Cette section contient des adresses IP qu'il est parfois utile de connaître. Elle n'est pas du tout exhaustive, mais contient des liens qui peuvent être suivis pour plus d'informations.

Bouclage

L'adresse IP localhost, 127.0.0.1, est connue comme l'adresse de bouclage et se connecte à l'hôte lui-même. Moins connu est le fait qu'il s'agit en réalité de la plage 127.0.0.0/8, donc toute adresse IP commençant par 127 bouclera vers l'hôte, si le système et sa table de routage sont correctement configurés.

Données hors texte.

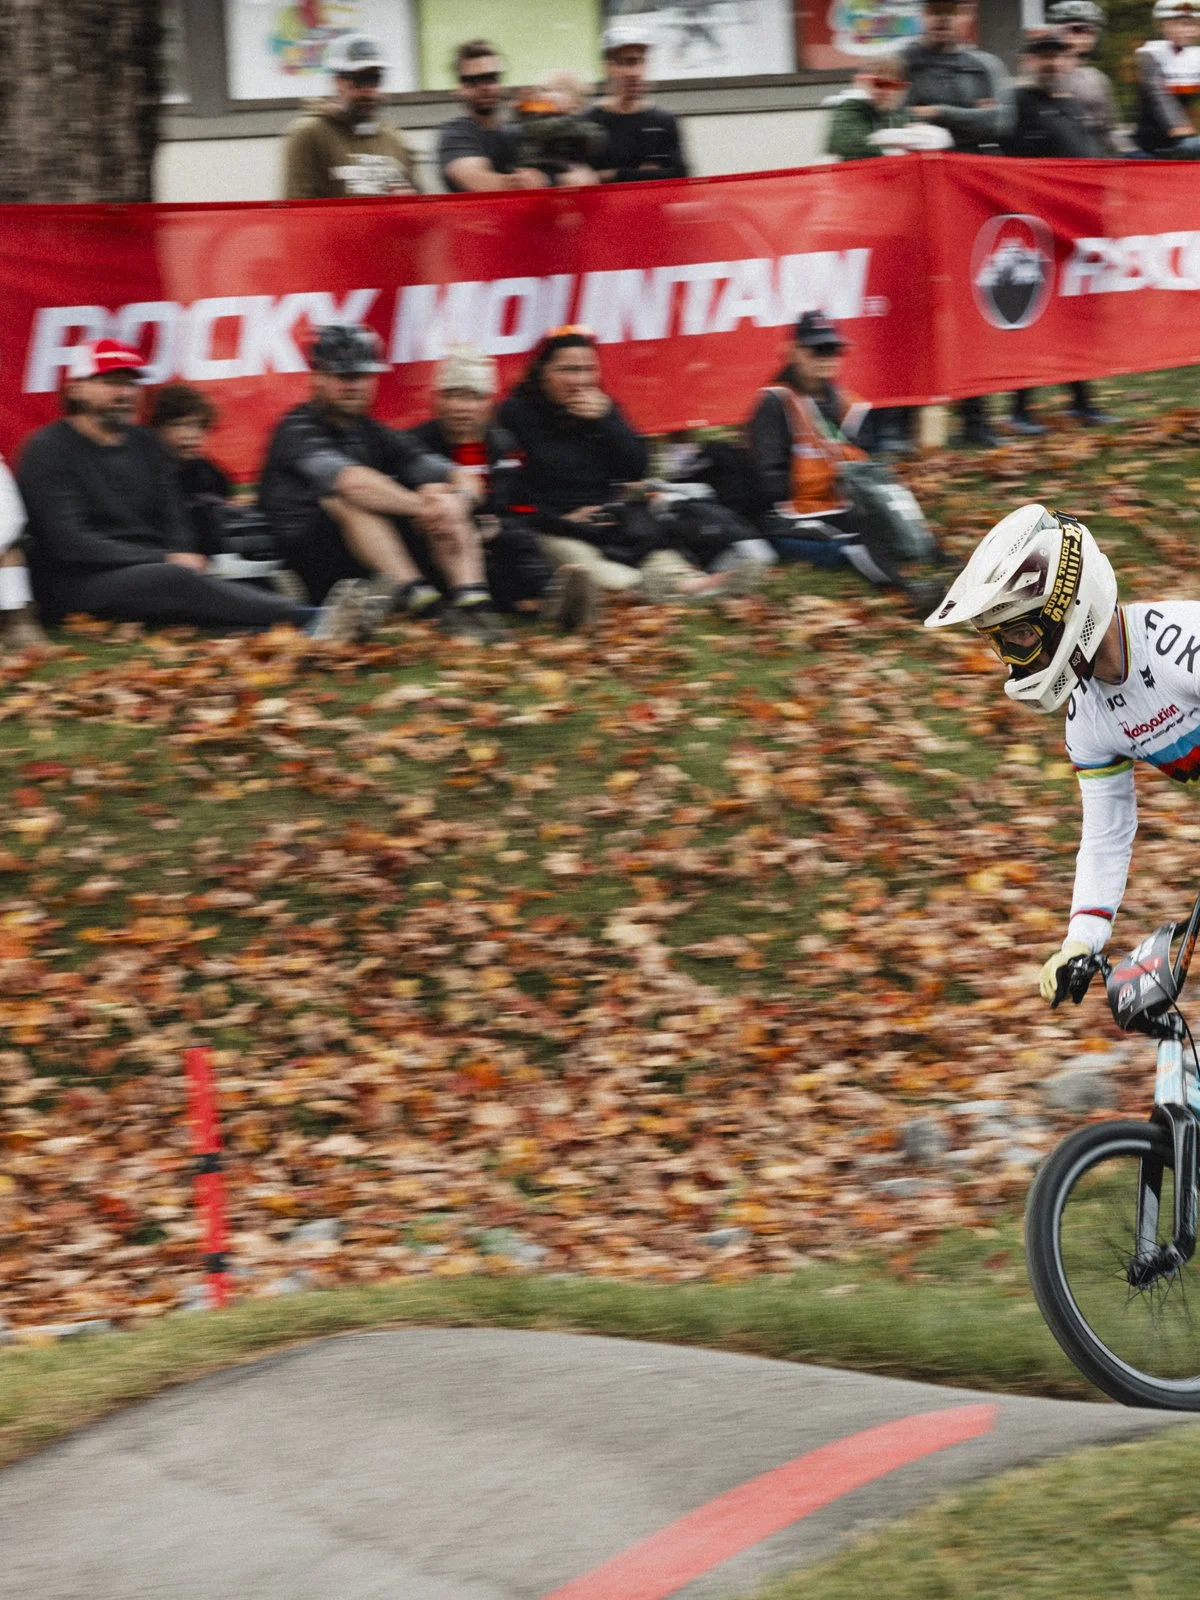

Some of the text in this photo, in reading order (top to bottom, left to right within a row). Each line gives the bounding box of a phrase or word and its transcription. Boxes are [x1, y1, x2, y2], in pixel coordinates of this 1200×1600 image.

[23, 247, 872, 394] ROCKY MOUNTAIN
[1043, 538, 1071, 616] SUPER TRICK

D'autre part, une seule adresse IPv6, ::1 (techniquement ::1/128) est réservée pour le bouclage.

Réseau privé

Certaines plages IP sont réservées aux réseaux privés. Les adresses IPv4 dans les plages suivantes sont pour le réseau actuel et ne seront pas routées vers Internet :

block address range class
10.0.0.0/8 from 10.0.0.0 to 10.255.255.255 class A
172.16.0.0/12 from 172.16.0.0 to 172.31.255.255 class B
192.168.0.0/16 from 192.168.0.0 to 192.168.255.255 class C

IPv6 a une énorme plage réservée pour un réseau privé, également appelée adresse locale unique : fc00::/7. Cela signifie que toutes les adresses IPv6 commençant par fc ou fd ne sont routables que dans le réseau privé actuel.

Adresse non spécifiée

Les adresses IP 0.0.0.0 et :: signifient une adresse non spécifiée. Elle a plusieurs significations différentes, mais elle est utile lors du démarrage d'un serveur, pour indiquer qu'il écoute les requêtes entrantes de toutes les adresses IP.

Documentation et exemples

Bien que le RFC 1166 mentionne certaines adresses IPv4 qui sont, ou étaient, destinées à la documentation et aux exemples, le RFC 3849 fait un meilleur travail en réservant toute la plage 2001:db8::/32.

Conclusion

Les adresses IP sont utilisées depuis plus de 40 ans. Leur histoire est un voyage dans le temps expliquant pourquoi et comment elles ont été modifiées et étendues pour répondre aux besoins d'un réseau planétaire en croissance.

Il est facile de rejeter ou de rire des décisions passées, mais celles-ci doivent être vues dans leur propre contexte. Les adresses réseau d'un octet peuvent sembler ridicules maintenant, mais elles proviennent d'une époque où les connexions étaient lentes et coûteuses. Seuls les centres de recherche, les universités et l'armée étaient censés avoir un jour une utilité pour les ordinateurs, qui étaient alors d'énormes appareils coûteux qui ne pouvaient être utilisés que pour la science.

IPv4 et ses nombreuses extensions proviennent du contexte d'un réseau en croissance exponentielle. Personne à cette époque ne pouvait prédire comment Internet serait utilisé par les entreprises, et encore moins par tout le monde à la maison.

Même si nous pourrions en théorie attribuer une adresse IPv6 à chaque atome de l'univers, le protocole a quand même été créé avant la popularité des appareils mobiles et IoT. Qui sait quel type de technologie ou de changement de paradigme pourrait apparaître dans cette décennie ou la suivante ? Nous pourrions être à une "connexion sécurisée utilisant des adresses uniques pour chaque paquet" ou des "adresses de qubits quantiques rotatives basées sur le temps" de réaliser que nous devons commencer à penser à la prochaine mise à niveau des adresses réseau. Après tout, si l'histoire nous a appris quelque chose, c'est que prévoir l'avenir n'est pas quelque chose dans lequel nous excellons.